You are viewing a plain text version of this content. The canonical link for it is here.
Posted to common-user@hadoop.apache.org by Jimmy Wan <ji...@indeed.com> on 2008/03/19 00:41:46 UTC

Limiting Total # of TaskTracker threads

The properties mentioned here: http://wiki.apache.org/hadoop/FAQ#13

have been deprecated in favor of two separate properties:
mapred.tasktracker.map.tasks.maximum
mapred.tasktracker.reduce.tasks.maximum

I'd like to limit the total # of threads on a task tracker (think limited  
resources on a given compute node) to a given number, and there does not  
appear to be a way to do that anymore. Am I correct in my understanding  
that there is no capability to do this?

-- 
Jimmy

Re: Limiting Total # of TaskTracker threads

Posted by Khalil Honsali <k....@gmail.com>.
Hi,

>The map/reduce tasks are not threads, they are run in separate JVMs
which are forked by the tasktracker.

I don't understand why? is it a design to support task failures?
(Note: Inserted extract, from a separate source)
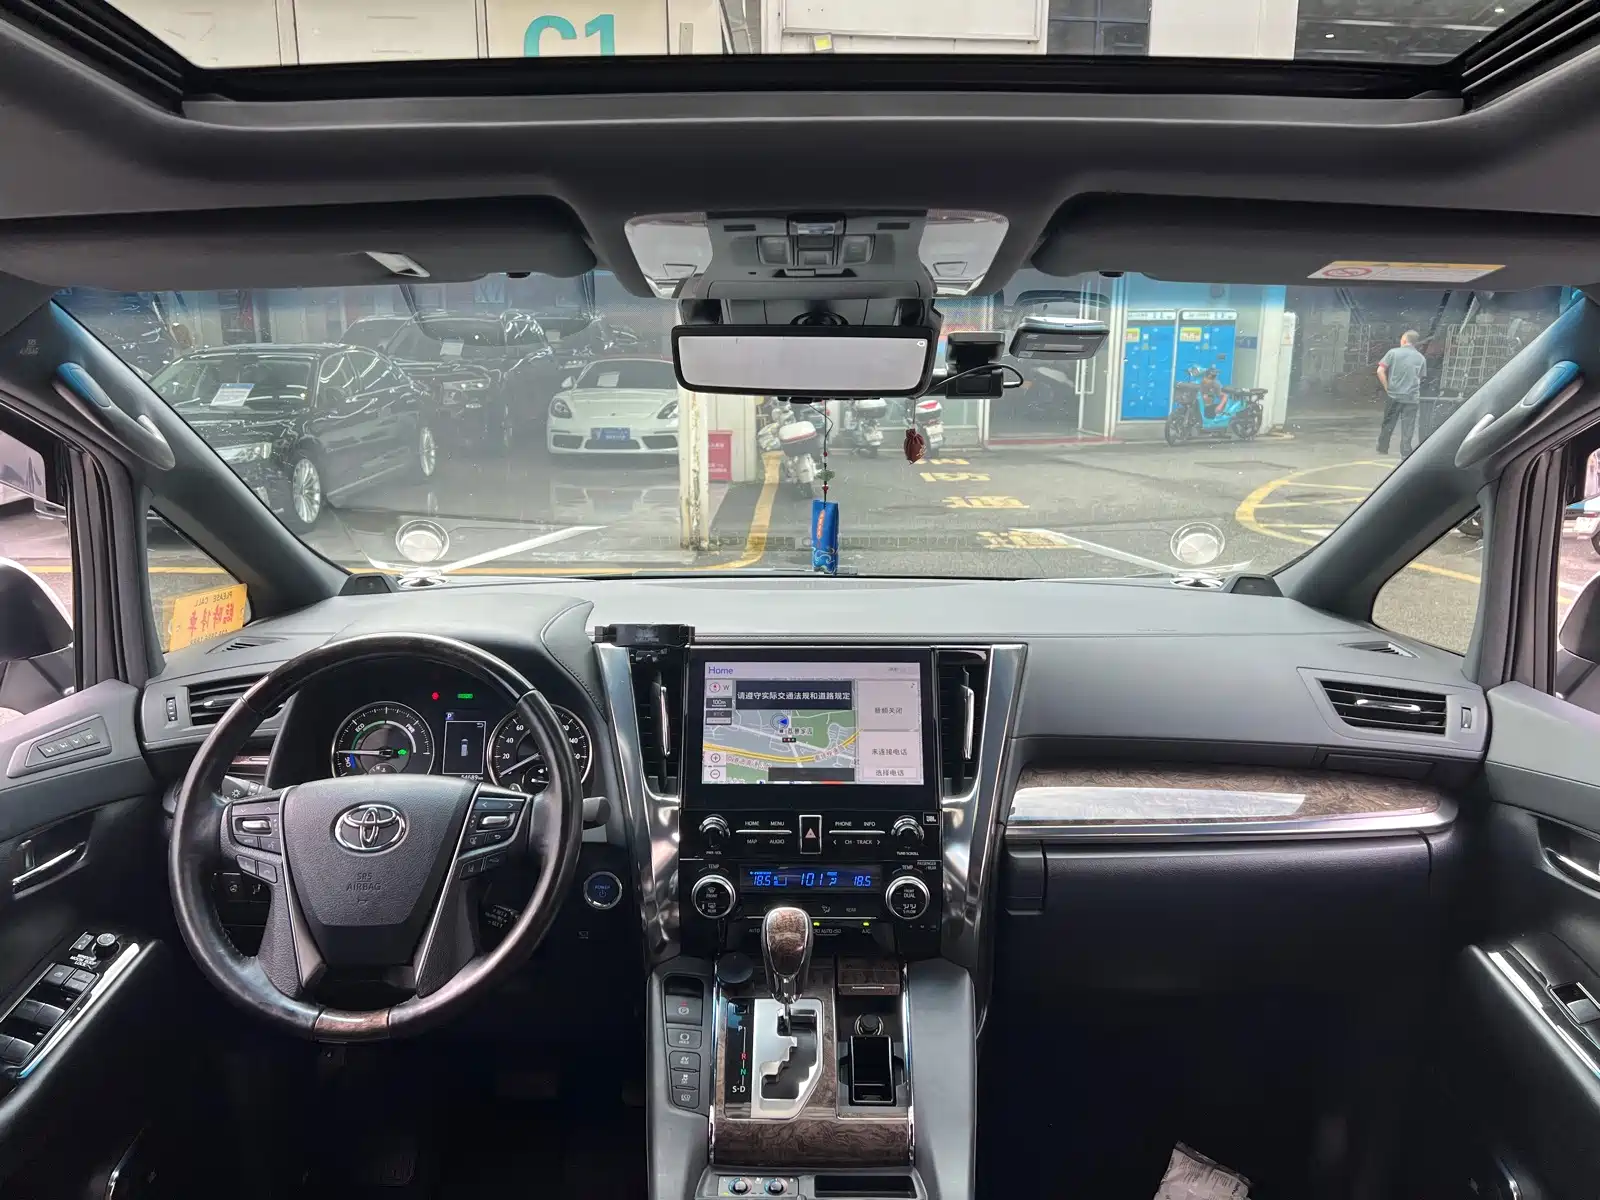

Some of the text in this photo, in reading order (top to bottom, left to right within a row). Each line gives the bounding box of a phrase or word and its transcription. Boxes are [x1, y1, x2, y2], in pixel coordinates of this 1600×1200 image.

I think
that on the other hand running a thread queue (of tasks) per job per JVM
would grealy improve performance, since fewer JVM init times.

K. Honsali

On 21/03/2008, Jimmy Wan <ji...@indeed.com> wrote:
>
> On Tue, 18 Mar 2008 19:53:04 -0500, Ted Dunning <td...@veoh.com> wrote:
>
> > I think the original request was to limit the sum of maps and reduces
> > rather than limiting the two parameters independently.
>
>
> Ted, yes this is exactly what I'm looking for. I just found an issue that
> seems to state that the old deprecated property is there, but it is not
> documented:
>
> https://issues.apache.org/jira/browse/HADOOP-2300
>
> I tried using the max tasks in combination with setting the new values,
> but that didn't seem to work. =( My machine labelled as "LIMITED MACHINE"
> had 2 maps and 1 reduce running at the same time.
>
> The scenario I have is that I want to run multiple concurrent jobs through
> my cluster and have the CPU usage for that node be bound. Should I file a
> new issue?
>
> This was all with Hadoop 0.16.0
>
> LIMITED MACHINE:
>         <property>
>           <name>mapred.tasktracker.tasks.maximum</name>
>           <value>2</value>
>           <description>The maximum number of total tasks that will be run
>           simultaneously by a task tracker.
>           </description>
>         </property>
>         <property>
>           <name>mapred.tasktracker.map.tasks.maximum</name>
>           <value>1</value>
>           <description>The maximum number of map tasks that will be run
>           simultaneously by a task tracker.
>           </description>
>         </property>
>         <property>
>           <name>mapred.tasktracker.reduce.tasks.maximum</name>
>           <value>1</value>
>           <description>The maximum number of reduce tasks that will be run
>           simultaneously by a task tracker.
>           </description>
>         </property>
>
> OTHER CLUSTER MACHINES:
>         <property>
>           <name>mapred.tasktracker.tasks.maximum</name>
>           <value>8</value>
>           <description>The maximum number of total tasks that will be run
>           simultaneously by a task tracker.
>           </description>
>         </property>
>         <property>
>           <name>mapred.tasktracker.map.tasks.maximum</name>
>           <value>4</value>
>           <description>The maximum number of map tasks that will be run
>           simultaneously by a task tracker.
>           </description>
>         </property>
>         <property>
>           <name>mapred.tasktracker.reduce.tasks.maximum</name>
>           <value>4</value>
>           <description>The maximum number of reduce tasks that will be run
>           simultaneously by a task tracker.
>           </description>
>         </property>
>
>
> > On 3/18/08 5:26 PM, "Arun C Murthy" <ar...@yahoo-inc.com> wrote:
> >
>
> >> The map/reduce tasks are not threads, they are run in separate JVMs
> >> which are forked by the tasktracker.
>
>
> Arun, yes, I did mean tasks, not threads.
>
>
> --
>
> Jimmy
>

Re: Limiting Total # of TaskTracker threads

Posted by Jimmy Wan <ji...@indeed.com>.
On Tue, 18 Mar 2008 19:53:04 -0500, Ted Dunning <td...@veoh.com> wrote:

> I think the original request was to limit the sum of maps and reduces  
> rather than limiting the two parameters independently.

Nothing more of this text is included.